**Task requirements**
Return each entry below word for word, leaving out any image.

——————————

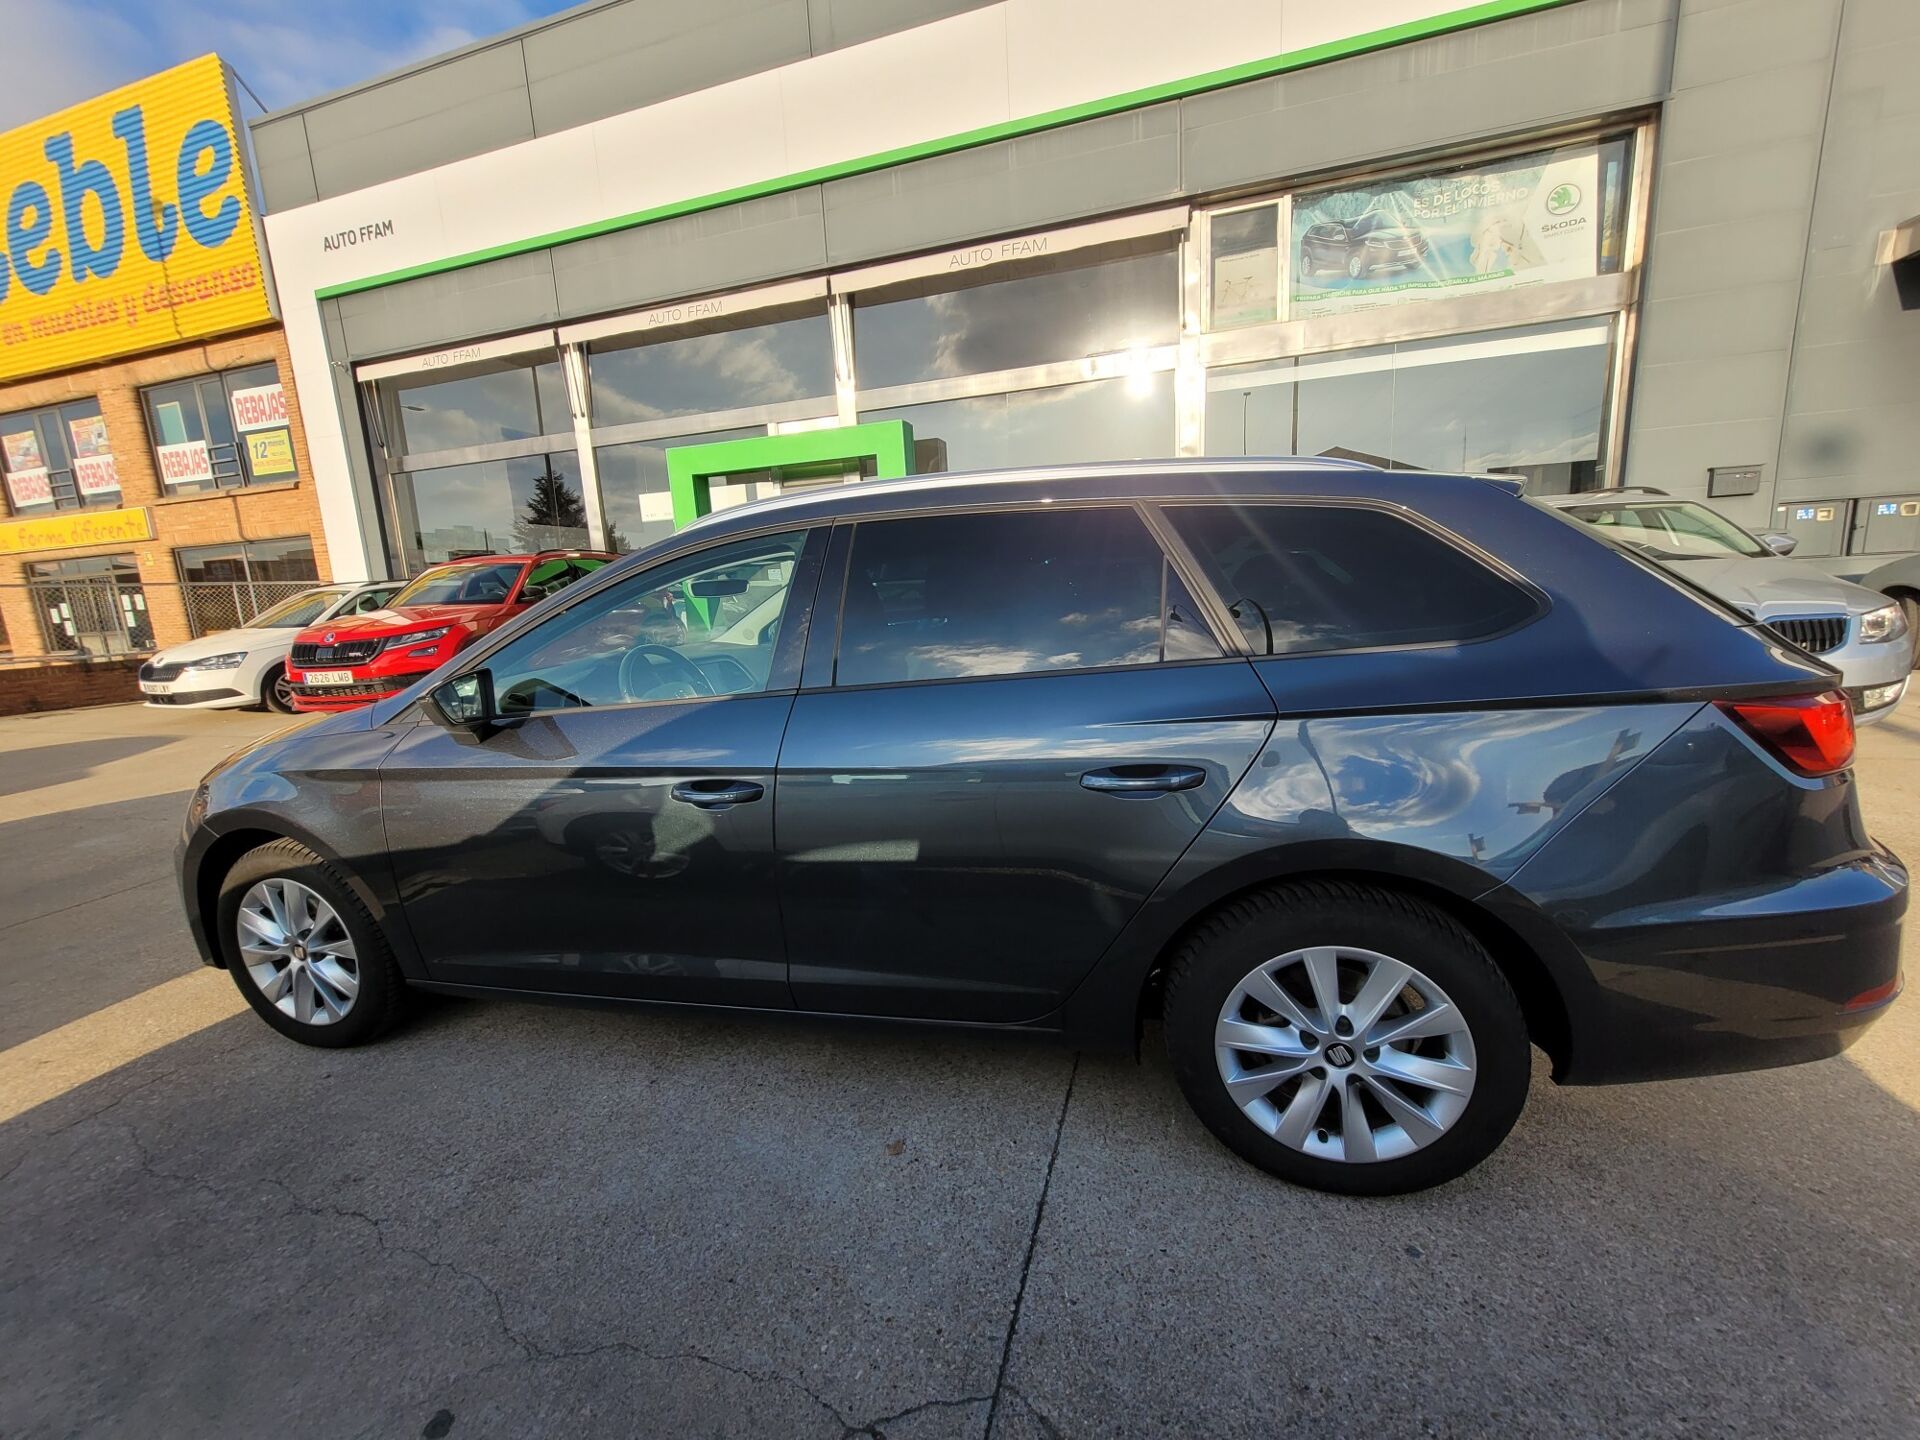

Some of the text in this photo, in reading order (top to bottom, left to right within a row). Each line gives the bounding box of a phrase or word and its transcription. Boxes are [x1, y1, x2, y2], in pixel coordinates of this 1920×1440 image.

[0, 104, 242, 302] eble
[1414, 197, 1430, 209] ES
[1434, 191, 1452, 206] DE
[1455, 180, 1501, 201] LOCOS
[1414, 208, 1441, 219] POR
[324, 219, 394, 252] AUTO FFAM
[948, 237, 1048, 268] AUTO FFAM
[142, 262, 257, 313] descanso
[648, 301, 723, 326] AUTO FFAM
[422, 346, 481, 368] AUTO FFAM
[235, 390, 287, 425] REBAJAS
[162, 447, 209, 478] REBAJAS
[252, 441, 268, 460] 12
[18, 527, 67, 550] forma
[70, 514, 145, 543] diferente
[309, 672, 350, 683] 2626 LMB

——————————

**Exercise answer**
Some of the text in this photo, in reading order (top to bottom, left to right within a row). Each line gives the bounding box of a phrase or word and its transcription. Boxes are [x1, y1, x2, y2], in pixel coordinates of this 1920×1440 image.

[0, 104, 242, 302] eble
[1414, 197, 1430, 209] ES
[1434, 191, 1452, 206] DE
[1455, 180, 1501, 201] LOCOS
[1414, 208, 1441, 219] POR
[324, 219, 394, 252] AUTO FFAM
[948, 237, 1048, 268] AUTO FFAM
[142, 262, 257, 313] descanso
[648, 301, 723, 326] AUTO FFAM
[422, 346, 481, 368] AUTO FFAM
[235, 390, 287, 425] REBAJAS
[162, 447, 209, 478] REBAJAS
[252, 441, 268, 460] 12
[18, 527, 67, 550] forma
[70, 514, 145, 543] diferente
[309, 672, 350, 683] 2626 LMB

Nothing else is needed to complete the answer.